The opinion of the court was delivered by: Callie V. S. Granade United States District Judge


On September 25, 2009, Parsons and Whittemore Enterprises Corporation ("P&W") brought a lawsuit against Cello Energy, LLC ("Cello"), Boykin Trust, LLC ("Boykin Trust"), Vesta Venture, L.L.C. ("Vesta"), Forest Technologies, LLC ("Forest Technologies"), Jack W. Boykin ("Jack Boykin"), Lois Anne Cowin Boykin ("Lois Boykin"), Allen Boykin, and Elisa Boykin Rambo ("Elisa Rambo") pursuant to the Alabama Uniform Fraudulent Transfer Act ("AUFTA") to "avoid and/or to prevent fraudulent transfers made and proposed to be made by and among members of the Boykin Family and entities they control." (Doc. 1, p. 1). All of the defendants denied the claimant's allegations. (Docs. 5-10, 13). On August 24, 2010, this court granted the defendants' motions for summary judgment as to P&W's claims against Forest Technologies. (Doc. 156). On September 27, 2010, this court granted a joint motion to dismiss P&W's claims against Vesta and Elisa Rambo. (Docs. 163 & 164). A bench trial was held on P&W's remaining claims; testimony was taken and other evidence was received in this matter on September 27, 2010, September 28, 2010, and September 29, 2010. On October 21, 2010, P&W filed a notice of a bankruptcy filing by Cello, and on October 25, 2010, P&W filed a notice of bankruptcy filings by Boykin Trust and Jack Boykin. On October 27, 2010, this court entered an order finding that P&W was entitled, as to its unjust enrichment claim, to a net claim of $695,000 from Allen Boykin but stayed P&W's cases as to the remainder of the counts. (Doc. 182). On December 7, 2010, the bankruptcy court lifted the stay allowing this court to rule on the remainder of the counts except for the injunctive relief sought by P&W. (Doc. 188, p. 39). Upon consideration of all evidence presented, and for the reasons stated herein, this court finds that P&W is entitled to (1) recover a net claim of $700,000.00 plus pre-judgment interest against Boykin Trust as to Counts I, II, and III; (2) recover a net claim of $399,923.00 plus pre-judgment interest against Jack Boykin as to Counts VII, VIII and IX; (3) recover a net claim of $510,000 against Lois Boykin as to Counts XIII, XIV and XV; (4) recover a net claim of $40,000.00 plus pre-judgment interest against Allen W. Boykin as to Counts XIII, XIV, XV; (5) recover a net claim of $655,000.00 from Allen Boykin as to Count XVI, XVII, XVIII and XIX; and (6) recover a net claim of $10,431,560.50 from Allen Boykin and Lois Boykin, jointly and severally, as to Count XX.

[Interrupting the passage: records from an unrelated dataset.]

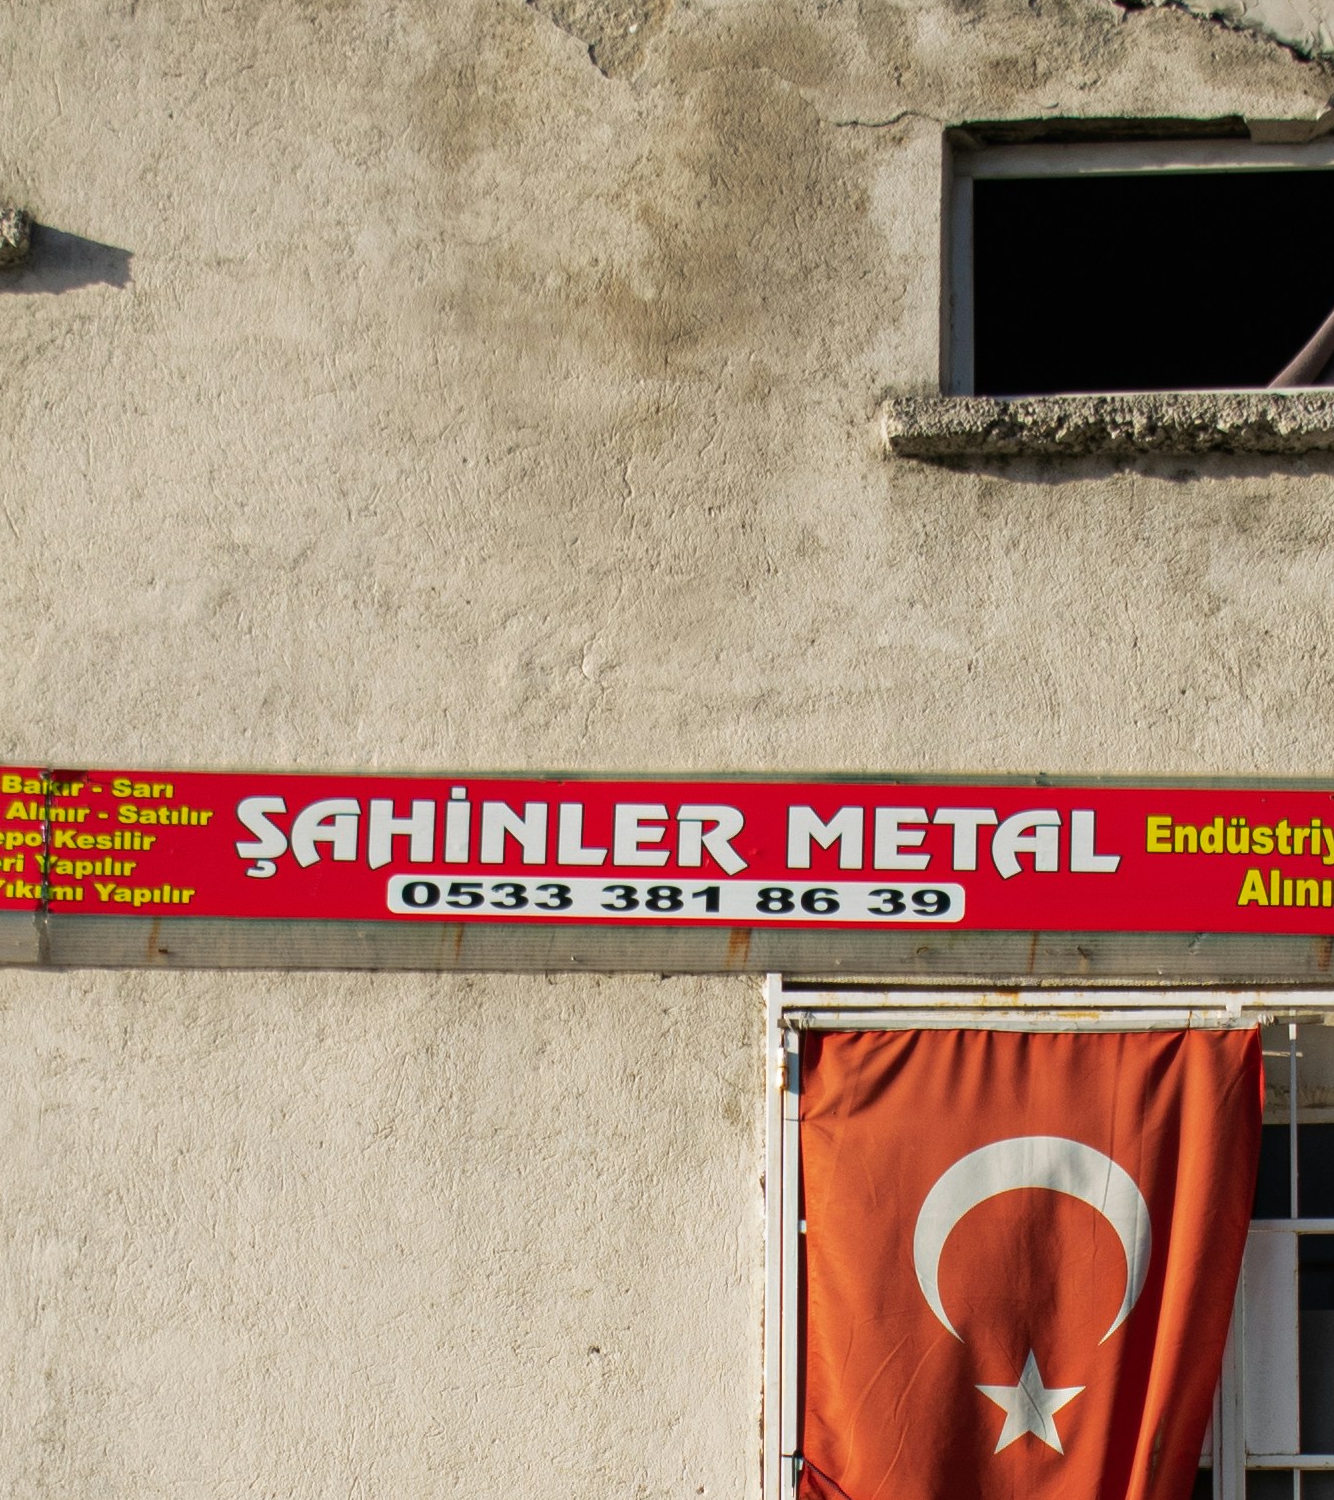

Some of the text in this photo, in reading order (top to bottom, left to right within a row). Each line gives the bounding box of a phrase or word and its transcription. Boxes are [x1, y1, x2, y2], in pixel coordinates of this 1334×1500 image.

[1, 774, 84, 797] Bakır
[112, 778, 174, 799] Sarı
[6, 801, 90, 823] Alınır
[118, 804, 213, 827] Satılır
[54, 829, 157, 851] Kesilir
[235, 786, 1122, 880] ŞAHİNLER METAL
[34, 854, 137, 880] Yapılır
[94, 882, 196, 907] Yapılır
[401, 880, 952, 917] 0533 381 86 39

Jack Boykin is the chairman of Cello, a company which he formed in 2004 to allegedly produce synthetic fuels, and since June 2010, has been the sole owner of Boykin Trust. He is the husband of Lois Boykin and the father of Elisa Rambo and Allen Boykin. He earned a bachelor of science degree in chemical engineering at Auburn University and was awarded an honorary doctorate from Huntingdon College, but he is not and has never been a licensed professional engineer. Prior to starting Cello, Jack has been a principal in several entities that had failed. First, Wesley Industries, a company that Jack formed to make pesticides and herbicides, filed for bankruptcy. Second, Jack closed Science International, LLC ("Science International"), a company which he founded in the early 2000s. Third, Environ, LLC ("Environ"), a company which assembled and operated a semi-works plant in Prichard that Jack and Allen claimed made commercial quantities of synthetic fuel, went out of business.

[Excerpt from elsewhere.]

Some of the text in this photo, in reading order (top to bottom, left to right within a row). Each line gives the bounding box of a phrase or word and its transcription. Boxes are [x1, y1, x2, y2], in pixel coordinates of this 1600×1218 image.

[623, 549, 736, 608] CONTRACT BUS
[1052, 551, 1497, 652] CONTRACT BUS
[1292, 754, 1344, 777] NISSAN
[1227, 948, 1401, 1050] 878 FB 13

In 2005, Jack Boykin's only reported income was $16,500.00 in social security benefits. Similarly, in 2006, Jack's only reported income was social security benefits totaling $21,198.00. This income was far outweighed by his business losses. For example, as of July 2006, there were six unpaid judgments against Jack totaling more than $1.9 million: (1) Colonial Bank received a judgment of $777,077.98 on March 30, 2004; (2) SunTrust Bank received a judgment of $178,820.00 on September 28, 2004; (3) Altec Capital received a judgment of $305,830.08 on October 13, 2004; (4) Vision Bank received a judgment of $94,590.26 on September 19, 2005; (5) AmSouth Bank received a judgment of $446,820.89 on November 15, 2005; and (6) First American Title Insurance Company received a judgment of $122,977.83 on July 6, 2006. Allen Boykin reported $60,000 of taxable income on his 2004 income tax return, $28,000 of taxable income on his 2005 tax return, and only $30,123 on his 2006 income tax return.

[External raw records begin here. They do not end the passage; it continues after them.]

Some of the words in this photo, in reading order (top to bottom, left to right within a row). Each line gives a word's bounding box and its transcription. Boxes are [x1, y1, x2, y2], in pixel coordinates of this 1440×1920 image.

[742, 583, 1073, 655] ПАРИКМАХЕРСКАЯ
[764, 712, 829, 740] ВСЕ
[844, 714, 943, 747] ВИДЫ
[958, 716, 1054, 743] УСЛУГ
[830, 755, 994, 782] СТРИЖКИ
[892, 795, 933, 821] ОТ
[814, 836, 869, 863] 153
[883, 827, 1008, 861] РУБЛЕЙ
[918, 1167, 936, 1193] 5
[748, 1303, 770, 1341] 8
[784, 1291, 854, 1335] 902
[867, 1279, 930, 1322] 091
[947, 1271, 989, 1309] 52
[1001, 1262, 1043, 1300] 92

In February 2007, Jack and Allen, in hopes of having P&W invest in Cello, told P&W's George Landegger and other representatives that they had made commercial quantities of biofuels from cellulosic materials that met ASTM standards at their semi-works plant in Prichard, Alabama. Based on this and other representations, P&W entered into an agreement (the "Option Agreement") on April 19, 2007, to pay Cello $2.5 million for an option to acquire a one-third interest in Cello for an additional $10 million upon production by Cello of commercial quantities of diesel fuel, kerosene and gasoline that met ASTM standards. On April 26, 2007, P&W made a wire transfer of $2.5 million to Cello.

On April 24, 2007, Boykin Trust was formed as a limited liability company under the laws of Alabama. At that time, Lois Boykin had an 80% ownership interest in Boykin Trust, Elisa Rambo had a 10% ownership interest, and Allen Boykin, who was also the president and managing partner, had a 10% ownership interest. Boykin Trust is the sole owner of Cello, and the sole asset of Boykin Trust (other than transitory cash balances distributed primarily to family members) is its ownership interest in Cello. The only business of Boykin Trust was to own Cello. The only address listed for Boykin Trust is a Post Office box, and Boykin Trust did not have a physical address as Lois Boykin performed work for Boykin Trust from her personal residence. None of the members contributed any capital to Boykin Trust at the time it was formed.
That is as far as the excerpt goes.